1. Professional Management
The money you invest in Mutual Funds is managed by Mutual Fund experts with experience and skills.
2. Diversification (Diversity)
The basic mantra of safe investing is that instead of putting your money in one place, divide it in many places and invest in many places. Every mutual fund invests money in different places.
3. Variety (Options)
In Mutual Funds today there is something for every kind of person. There are all kinds of funds available for those seeking high returns, from maximum safe funds for those seeking maximum returns, to maximum safe investments.
4. Convenience (Facility)
You can invest in Mutual Funds very easily. You can also withdraw money from the funds with the same ease. To invest, you have to fill out a form that you can fill out online or offline both from anywhere or anywhere.
5. Affordable (cheap)
The share price of big companies is very high. Many times you want to invest money in those companies but you are not able to do so because of your budget. Whereas in Mutual Funds many people have the money together, then your money is invested in big companies.
6. Tax Benefits
Whenever you invest in the stock market, you have to pay tax for buying or selling shares. But in Mutual Funds, you get tax exemption.
Before investing in Mutual Funds, collect all the documents and all the information related to the funds.

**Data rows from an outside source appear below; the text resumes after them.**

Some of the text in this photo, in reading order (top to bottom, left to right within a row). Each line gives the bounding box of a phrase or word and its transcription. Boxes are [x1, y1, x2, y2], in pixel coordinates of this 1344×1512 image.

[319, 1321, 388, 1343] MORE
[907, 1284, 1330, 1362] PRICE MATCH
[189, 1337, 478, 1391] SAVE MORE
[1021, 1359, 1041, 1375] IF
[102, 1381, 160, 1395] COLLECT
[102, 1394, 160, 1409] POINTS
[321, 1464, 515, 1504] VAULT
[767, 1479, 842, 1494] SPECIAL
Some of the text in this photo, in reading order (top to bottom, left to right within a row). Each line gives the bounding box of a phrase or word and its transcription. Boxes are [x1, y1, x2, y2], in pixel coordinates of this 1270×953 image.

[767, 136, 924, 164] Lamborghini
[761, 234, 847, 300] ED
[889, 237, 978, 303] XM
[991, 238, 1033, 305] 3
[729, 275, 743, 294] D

You yourself will be responsible for any damages.
History of Mutual Funds
The mutual fund industry in India began in 1963 with the formation of the Unit Trust of India (UTI) on India at the initiative of the Reserve Bank of India (RBI) and the Government of India.
Its main objective was to attract small investors and make them aware of the topics related to investment and the market.

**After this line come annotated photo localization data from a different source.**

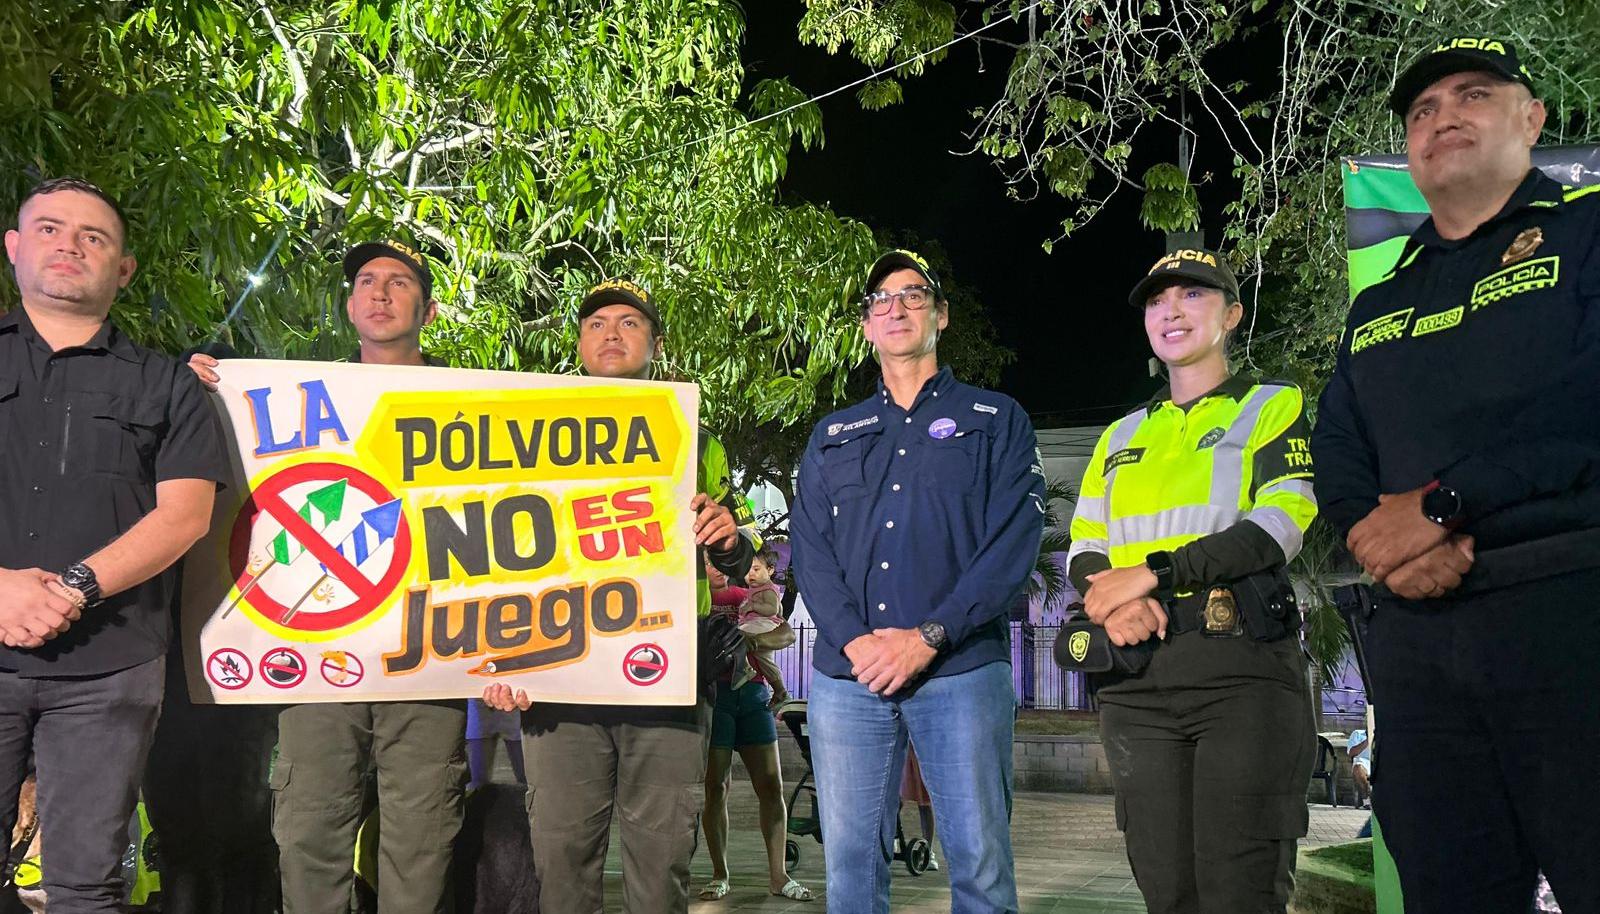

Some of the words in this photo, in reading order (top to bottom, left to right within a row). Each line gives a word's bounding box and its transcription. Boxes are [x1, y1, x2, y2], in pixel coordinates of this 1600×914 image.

[243, 379, 350, 459] LA
[395, 410, 661, 482] PÓLVORA
[422, 494, 557, 582] NO
[571, 486, 655, 530] ES
[577, 521, 665, 562] UN

UTI was formed in 1963 under an Act of Parliament. It was established by the Reserve Bank of India. And initially, it worked under RBI.
In 1978, UTI was separated from RBI. The Industrial Development Bank of India (IDBI) got regulatory and administrative control in place of RBI. And UTI started working under it.
The development of Mutual Funds in India can be divided into several stages. The first phase was from 1964 to 1987, in which UTI had a fund of ₹ 6700Cr.
After this, the second phase started in 1987, in which the entry of public sector funds started. In this time, many banks got a chance to make Mutual Funds.
SBI created the first NONUTI mutual fund. The second phase ended in 1993, but by the end of the second phase, the AUM ie Assets under management increased from ₹ 6700Cr to ₹ 47004CR. In this phase, there was a lot of enthusiasm among investors in mutual funds.
The third phase started in 1993 and lasted till 2003. In this phase, private sector funds were approved. In this phase, investors got more options for Mutual Funds. This phase ended in 2003.
The fourth phase started in 2003 and is going on till now. In 2003, UTI was divided into two separate phases. First SUUTI and second UTI mutual fund which used to work according to the rules of SEBI MF. The effect of the 2009 economic recession was read on the whole world.
Investors in India also suffered a lot. Due to this, people’s confidence in mutual funds decreased a bit. But slowly this industry started coming back on track. In 2016, the AUM was ₹15.63 trillion. Which was the highest ever.
The number of investors is almost above 5 CR and lakhs of new investors are being added every month. This phase has proved to be golden for mutual fund
What is the meaning of a mutual fund?
Mutual funds are investments in stocks, bonds, and other securities that trade on public exchanges. A mutual fund pools investors’ money together to buy these securities. Mutual funds give small investors access to a professionally managed portfolio of stocks, bonds, and similar investments that would cost much more than if they were invested individually.
How does a mutual fund work?
Mutual funds pool money from multiple investors together and use that pooled money to buy securities. A mutual fund is a type of investment where the management company pools together the money of several investors and uses that deposited money to buy securities for these investors. Mutual funds are offered in different types like stocks, bonds, money market funds, international funds, etc.